Throughout the film, there are images of giant construction
cranes looming off in the distance constructing new buildings while also
demolishing dilapidated structures at a rapid pace, where the world is
simultaneously building what it will eventually destroy. Marie is happy to see her boyfriend Julien, Pierre
Clémenti from Buñuel’s BELLE DE JOUR (1967), playing another lowlife gangster
who seems to be saddled with nothing but troubles, where two men seem to be
following him around the city, giving him 3 days to produce what they’re
looking for. While Marie and Julien
constantly meet in various locations, Julien can’t disappear fast enough, as if
he can’t be seen in public. At the same
time, Marie was recently released from prison, where she suffers from a rare
medical condition that doesn’t allow her to breathe “inside air,” as she’s
become addicted to fresh air, where she’s even forced to sleep outdoors. While you’d think this clever interplay
between characters is well set up, no one makes a lasting impression on the
audience, where unlike CÉLINE AND JULIE, each sequence is near
forgettable. Rivette tries to create a world
of mystery and invention, feeling like a claustrophobic parallel world where
they have fallen into set traps, often languishing in a state of limbo as the
days pass by. Baptiste runs interference,
as if protecting Marie from dangerous outsiders, but we never get any clear
indication who she is or what she’s doing here.

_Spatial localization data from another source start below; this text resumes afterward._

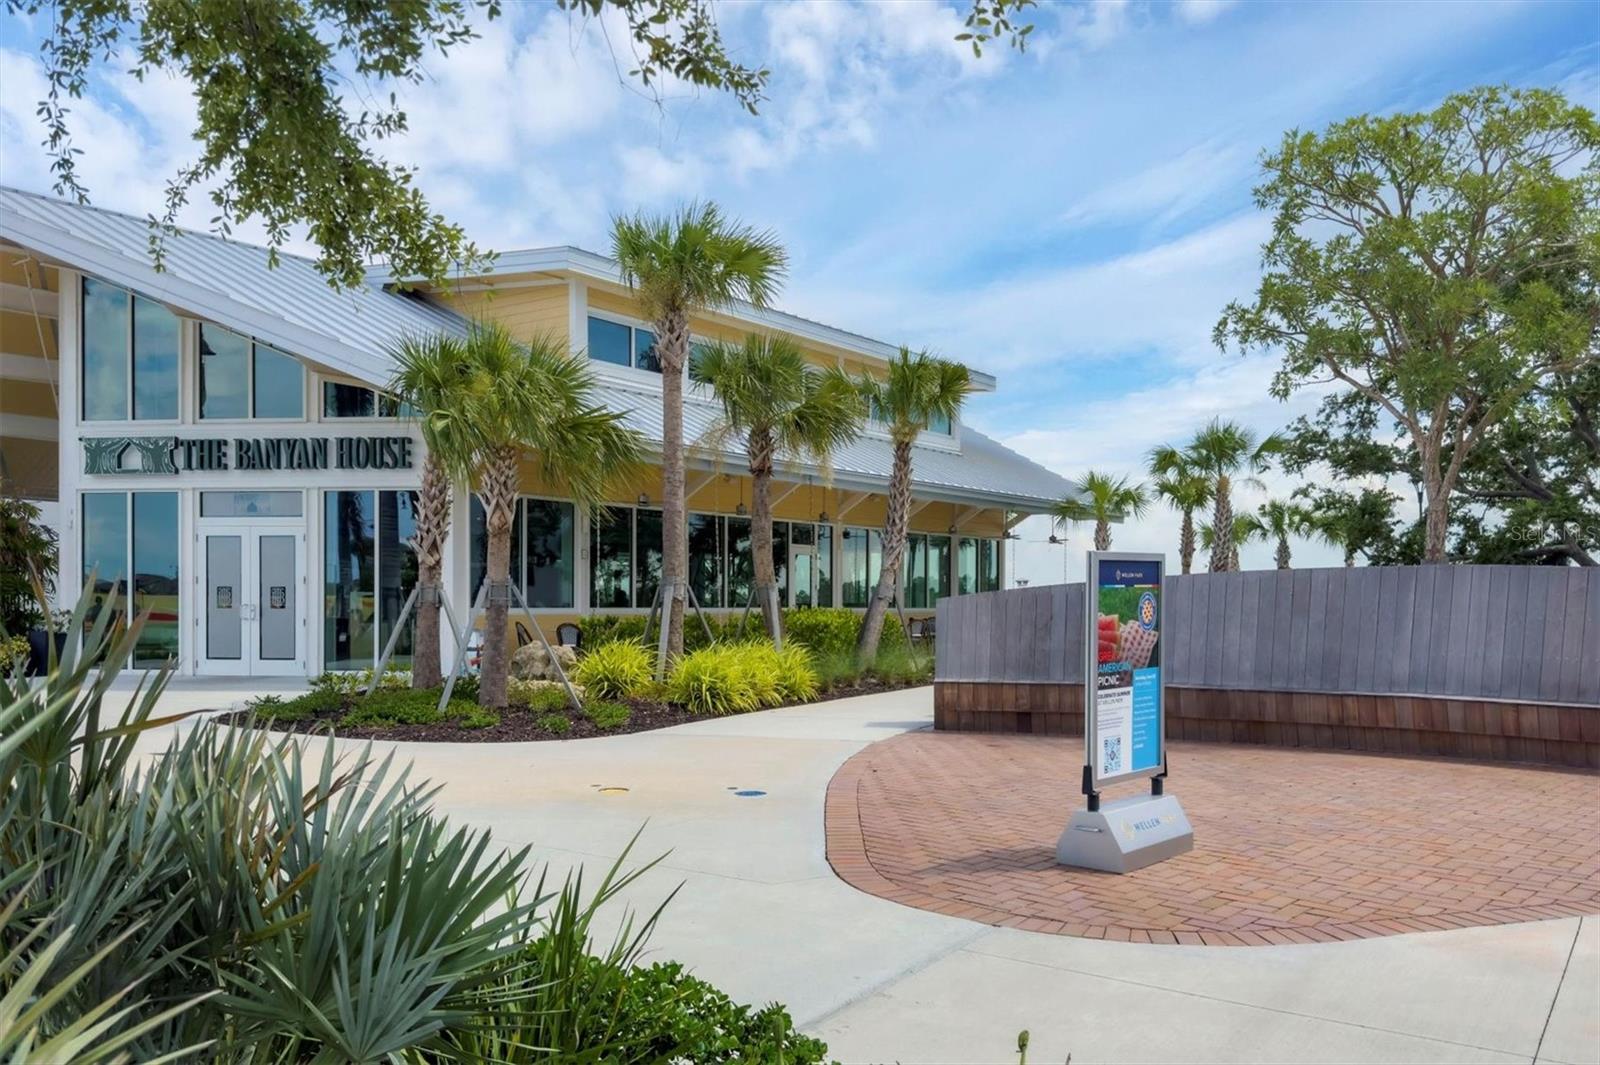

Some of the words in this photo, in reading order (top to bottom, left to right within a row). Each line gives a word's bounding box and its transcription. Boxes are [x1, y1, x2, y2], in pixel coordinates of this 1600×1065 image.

[179, 439, 228, 471] THE
[234, 438, 328, 471] BANYAN
[335, 437, 413, 469] HOUSE
[1098, 675, 1120, 686] PICNIC
[1133, 817, 1160, 830] WELLEN

For that matter, all of the characters appear out of a cheap Godard gangster
flick playing their respective good and evil roles, where the heavies are all
named Max and exist only to exert a noirish sense of danger, while the two
women continually appear clueless and innocent, as if they could render no harm
to anyone, so why do they exist in this labyrinth of doom? Surrounded by dark secrets and lethal
threats, where soon enough dead bodies surface, Pascale finds a secret map
stuffed into the dead man’s pockets, as if this is the treasure map leading
them out of their imprisoned existence.
While this map gives them a chance to explain the rules of the game, it
doesn’t generate any real interest in the film, which simply never gets off the
ground.
This is a film that suffocates in its own film construction,
where outside of its presumed puzzle existence, it becomes a road movie with
two characters wandering endlessly through deserted sections of the city,
continually questioning their own crumbling existence, never really finding a
reason for coming to life onscreen. Made
not long after suffering a nervous breakdown, the film does seem to be
searching for a reason to live, but these are instead dead souls doomed to
wander perpetually through the ends of time, meeting at their designated times
and stations, passing back and forth various documents and information from a
briefcase, setting up their next designated appointments. Eventually this begins to feel ludicrous,
where even the secret language starts to resemble film noir code, where danger
always lurks just around the corner.
When Pascale is called upon to slay a carnivalesque dragon, which
breathes fire and smoke just for effect, it veers into the territory of fairy
tales and children’s stories, but just as quickly starts questioning its own
raison d’etre, as if these characters are caught up in their own dreary state
of malaise and can’t escape their self-inflicted philosophical conundrums, even
with the aid of the secret map. The film
fizzles out and meanders on too long, simply running out of gas, losing a sense
of purpose and dramatic conflict, as it all feels silly and repetitive after
awhile, where the absurdity of the rules don’t even begin to make sense, as in
this imaginary state, there is no reason for existence other than to
continually make random appointments with destiny, where some larger mystery
engulfs them, as if fate has already decided the outcome, and they’re mere
puppets playing out the parts. In road
movies, it’s the journey that matters, not the eventual destination, but here
they are caught up in a realm of Sisyphus, destined to repeat their jagged path
across an urban wasteland, up and down stairs, through vacant lots, only to
discover no opportunity to start over and begin anew, where they’re stuck
finishing what they started, where perhaps it was only a blind dream that Marie
was released from prison, as her fate is apparently sealed.